Defending champions Italy fell at the group stages after the test of Paraguay, New Zealand and Slovakia proved too tough for a side of increasing age and apathetic players.
France, world champions of 1998, also fell apart in dramatic fashion before failing to reach the knockout stages. After poor results on the pitch, a fall-out between coach Raymond Domenech and striker Nicolas Anelka and a subsequent player revolt saw a farcical disintegration of a much-touted squad.
England, always a team set up to fall by their domestic media, dashed the hopes of a nation by not only losing their pre-tournament form — they were Europe’s most prolific goalscorers in qualification — but also exposing the world’s highest-paid coach Fabio Capello as being less infallible than previously thought.
Before kick-off there was genuine feeling among many pundits that it was England’s time to regain the world title they last won in 1966, but those wearing the three lions on their chest stuttered and stumbled through the group stage before being soundly beaten by a young, stylish German side in the last 16.
Africa has also had its disappointments. No credible journalist put too much hope in a winner from the host continent, but many felt that in Ivory Coast, Cameroon, Nigeria and South Africa there was enough talent and experience for those nations to set the tournament alight.
Alas, Didier Drogba’s Ivorians failed to progress from an admittedly tough group, Nigeria's Super Eagles squandered chance after chance and suffered an early exit, while Cameroon and South Africa — despite showing moments of great football — failed to show the clinical finishing needed to progress. All hopes now rest on the shoulders of Ghana, who with youth in their ranks, have their eyes on a semifinal berth.

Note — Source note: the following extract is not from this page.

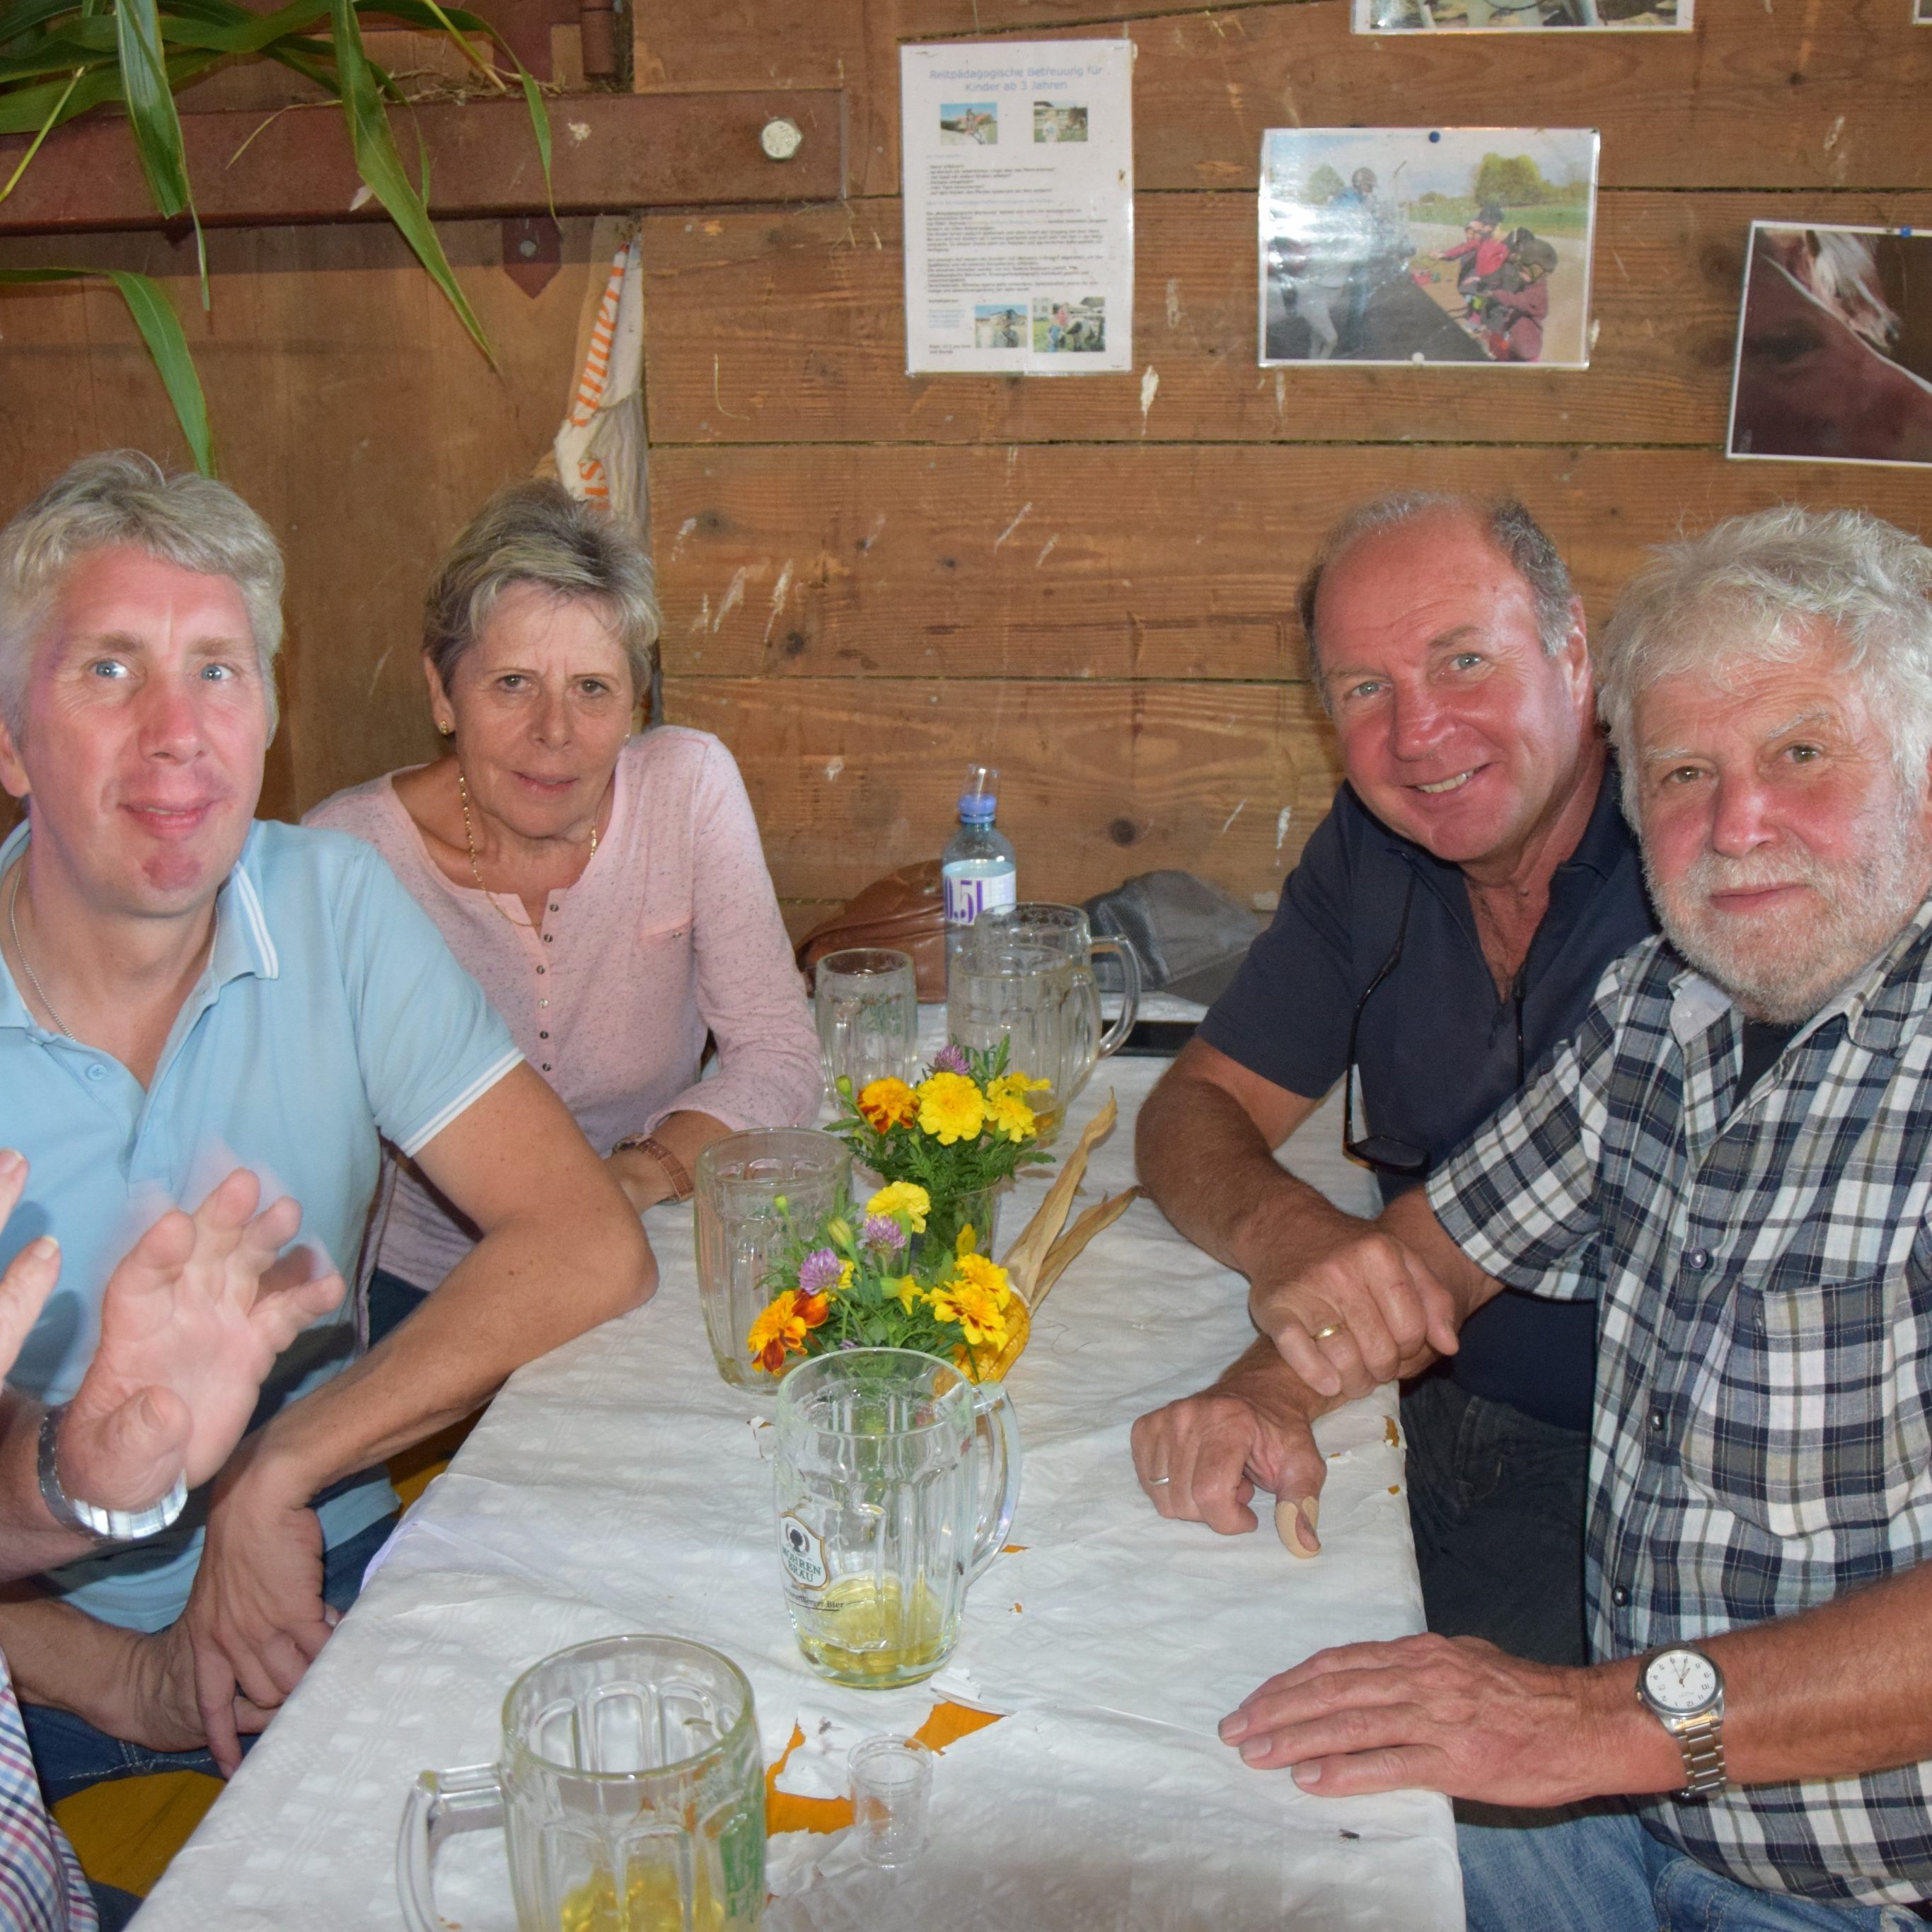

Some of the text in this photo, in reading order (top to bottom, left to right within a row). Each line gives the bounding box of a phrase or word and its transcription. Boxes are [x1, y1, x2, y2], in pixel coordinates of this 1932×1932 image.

Big-name players also failed to deliver. England striker Wayne Rooney came into the tournament off the back of a prolific season with Manchester United. His goalscoring form led many to see him as a contender for the world player of the year. But, whether through injury or fatigue, Rooney seemingly lost the ability to do the most simple of things. Soporific when on the field of play, the once hotshot couldn’t hit a barn door with a banjo in South Africa.
Cristiano Ronaldo had a similar fate with Portugal, as his side were knocked out by a superb Spain team in the last 16. The Real Madrid man failed to make an impact of any note despite his top-billing status after almost single-handedly keeping "Los Meringues" in the Spanish league title-race last campaign.
Franck Ribery helped German side Bayern Munich progress to the final of the European Champions League and win a domestic double, but could do nothing to inspire a fractured France to perform.
Samuel Eto’o will also have left South Africa ruing his inability to make a mark on the biggest stage of them all. The Cameroon striker won a treble of titles under Jose Mourinho at Inter Milan before the World Cup, but due mainly to being played out of position, he was unable to transfer the form that saw him lift the European Cup for the third time to anything more than two goals for the Indomitable Lions.
Many giants of the game have fallen, but part of the magic of the World Cup is it creates new legends with each edition. Only time will tell who will be the new Goliath to leave South Africa as champions.